Another method of relieving skeletal muscle cramps is to apply antagonistic pressure to the cramping muscle. Every muscle group has an antagonist: a muscle that acts in opposition to another. For example, the hamstring muscle is the antagonist of the quadriceps muscle. Use the following procedures to apply antagonistic pressure to the quadriceps, hamstrings, or gastrocnemius muscles.
Quadriceps: If the right quadriceps is cramped, sit and place the left ankle behind the right ankle and pull back with the right ankle while pushing forward with the left. If the cramp occurs in the left thigh, reverse the procedure.

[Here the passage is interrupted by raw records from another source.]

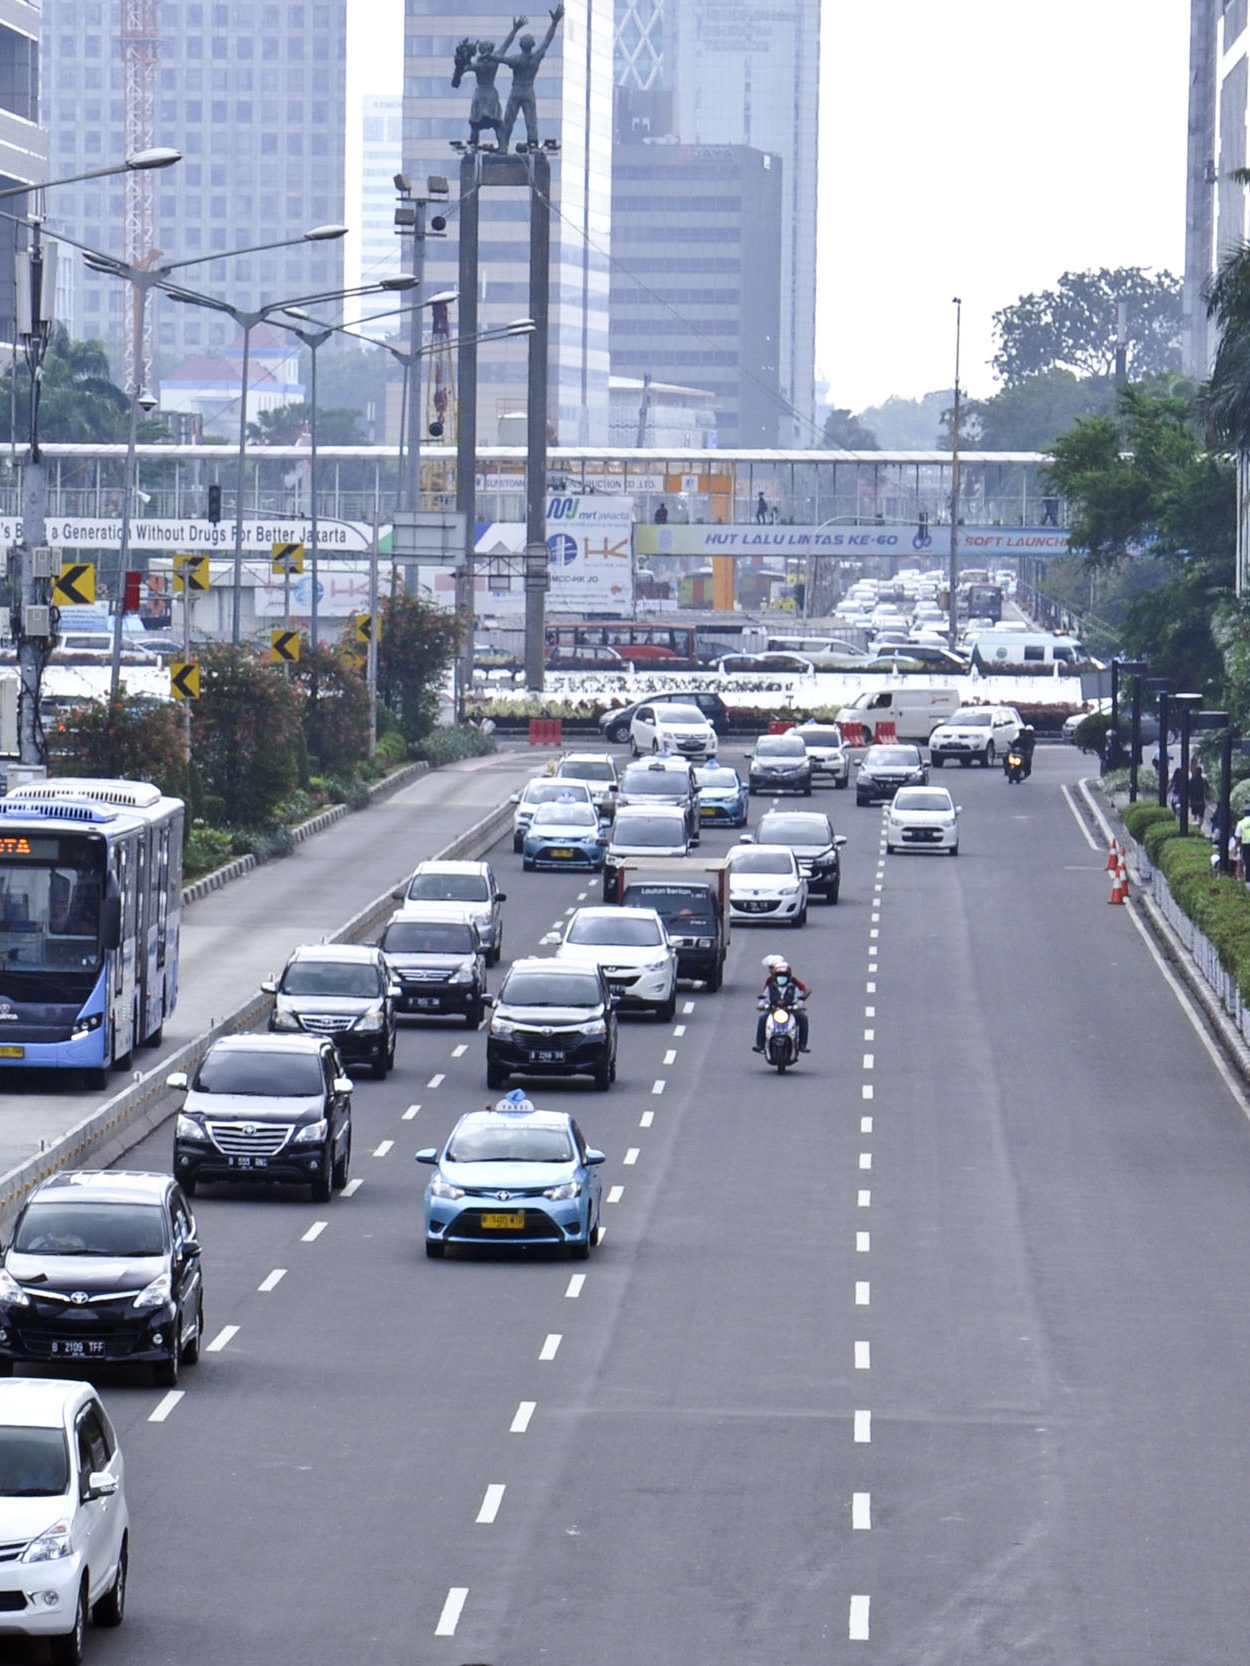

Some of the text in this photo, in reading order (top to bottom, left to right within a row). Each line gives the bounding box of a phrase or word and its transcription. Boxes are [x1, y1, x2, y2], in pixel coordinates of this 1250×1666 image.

[51, 527, 59, 540] a
[137, 524, 184, 542] Without
[189, 525, 226, 546] Drugs
[257, 526, 295, 543] Better
[705, 533, 898, 546] HUT LALU LINTAS KE-60
[965, 536, 1003, 547] SOFT
[52, 1341, 103, 1353] B 2109 TFF

Hamstrings: If the right hamstring is cramped, sit and place the right ankle behind the left ankle. Push forward with the right ankle while applying resistance with the left. If the cramp occurs in the left hamstring, reverse the procedure.
Gastrocnemius: If a cramp occurs in the right calve, sit or lie down. Place the left foot over the right instep and pull the right foot up toward you applying resistance with the left foot. If the cramp occurs in the left calve, reverse the procedure.
In addition to these three muscle cramps, there is a fourth, very common cramp that occurs at the abdomen and is not caused by dehydration or electrolyte imbalance. Most people refer to this as a “stitch in the side” and it’s usually located on the right side, just below the ribs. This stabbing pain is actually a spasm of the diaphragm and it can leave a runner dead in their tracks. The diaphragm is a muscle that stretches across the chest cavity below the lungs. As we inhale, it expands downwards, and as we exhale, it contracts upwards. The side stitch can be caused by inadequate oxygen delivery to the breathing muscles, the diaphragm and the intercostals, or even excessive deep inspirations and expirations. They can occur when we run too fast or breathe too rapidly without getting enough air into the lungs during inhalation, or when we don’t expel enough air during exhalation.
Combating the “stitch in the side” often focuses on proper breathing technique. If you typically take a lot of shallow breaths while running, the diaphragm remains in a high position and never lowers enough to allow the connective ligaments of the liver to relax. The diaphragm becomes stressed and a stitch results. Learning how to “belly breathe” can prevent the stitch from occurring. To belly breathe, contract your abdominal muscles and pull your stomach in as you exhale. Try to force as much air out of the lungs as possible. Then inhale as much as you can. As you inhale, your abs should swell, pushing your stomach out and allowing room for your lungs to fully expand.
Once a side stitch occurs, pressing on the side may relieve some of the discomfort. You may have to stop and walk for a few moments while concentrating on deep breathing. Bending forward and contracting the abs can help expel all the air in the lungs also. Continue running after the stitch has gone away. If you find the stitch continually occurs while you run, try altering you breathing / stride pattern. If you always exhale when you right foot strikes the ground, try exhaling on left foot strike. This may provide relief because the organs attached to the diaphragm on the left side of the body are not as big as those on the right; therefore, there is less strain on the diaphragm.
Some other factors that contribute to the “stitch in the side” include running downhill which increases the forces exerted on the entire body, eating too soon before exercise, running in extremely cold temperatures making it uncomfortable to inhale fully, and weak core muscle. Simply try jogging slowly down hills until you’ve mastered deep breathing, then progress by increasing your pace. Avoid eating food within one hour of exercise with the exception of water or Gatorade. Liquids empty from the stomach faster and shouldn’t cause a problem. Also try some sort of warm up indoors before venturing outdoors in the cold and strengthen your abdominal and lower back (core) muscles.